Synergistically optimizing interdependent thermoelectric parameters of n-type PbSe through alloying CdSe

PbSe is an alternative of the well-known moderate-temperature thermoelectric material PbTe, and has attracted much attention because of its advantages of high earth-abundance and low price of Se compared with Te. To enhance the thermoelectric performance of PbSe, its several shortcomings should be overcome, such as poor electrical conductivity, small Seebeck coefficient and bipolar thermal conductivity. Simultaneously improving these properties is a big challenge in the thermoelectric community. In this work, we successfully addressed these problems with PbSe by introducing just one component, CdSe, which has a similar crystal structure and larger band gap compared to PbSe.

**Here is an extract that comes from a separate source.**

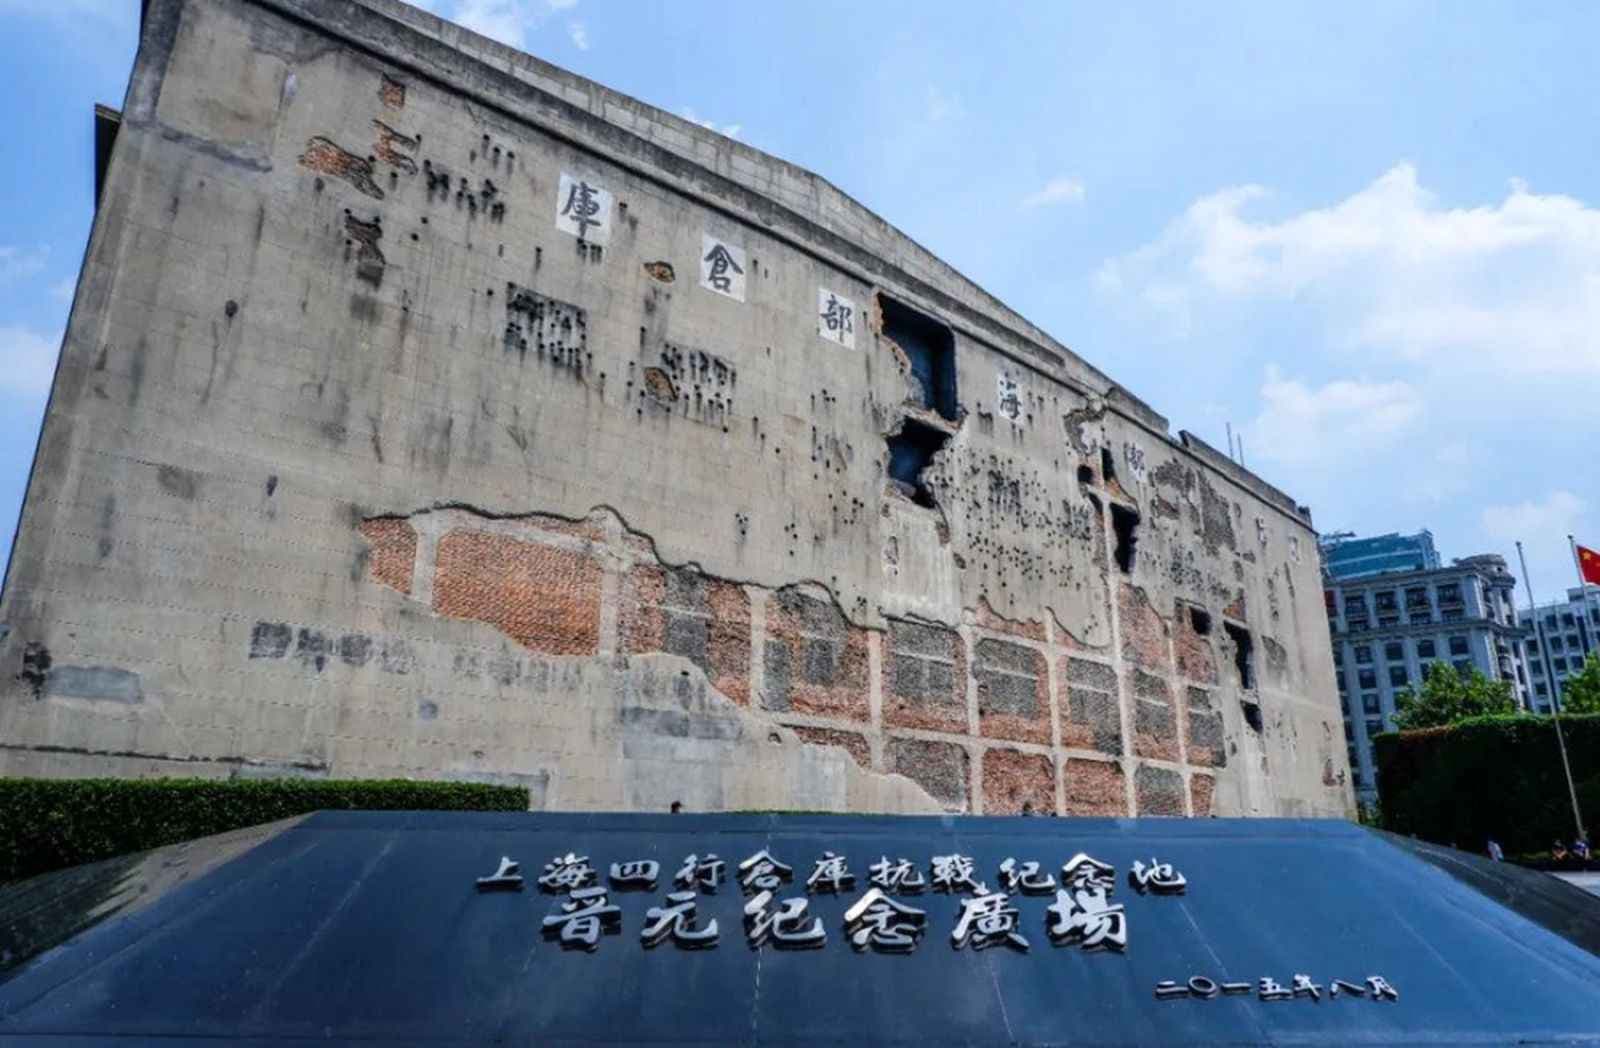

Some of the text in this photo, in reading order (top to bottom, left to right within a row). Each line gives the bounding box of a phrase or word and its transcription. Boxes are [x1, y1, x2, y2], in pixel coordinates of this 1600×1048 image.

The introduction of CdSe realizes four positive effects: (1) improving the effective mass through flattening the conduction band; (2) decreasing the lattice thermal conductivity enormously by introducing hierarchical sub-nano defects; (3) keeping a high carrier mobility due to the nanostructure-free matrix; (4) suppressing the bipolar thermal conductivity via enlarging the band gap of PbSe. Due to all the above synergistically optimized electrical and thermal transport properties, a superior ZT value of B1.4 and ZTave of B0.7 are achieved in n-type PbSe through CdSe alloying, and the calculated conversion efficiency can reach 10.5%. Our results indicate that PbSe is a robust candidate for medium-temperature thermoelectric applications.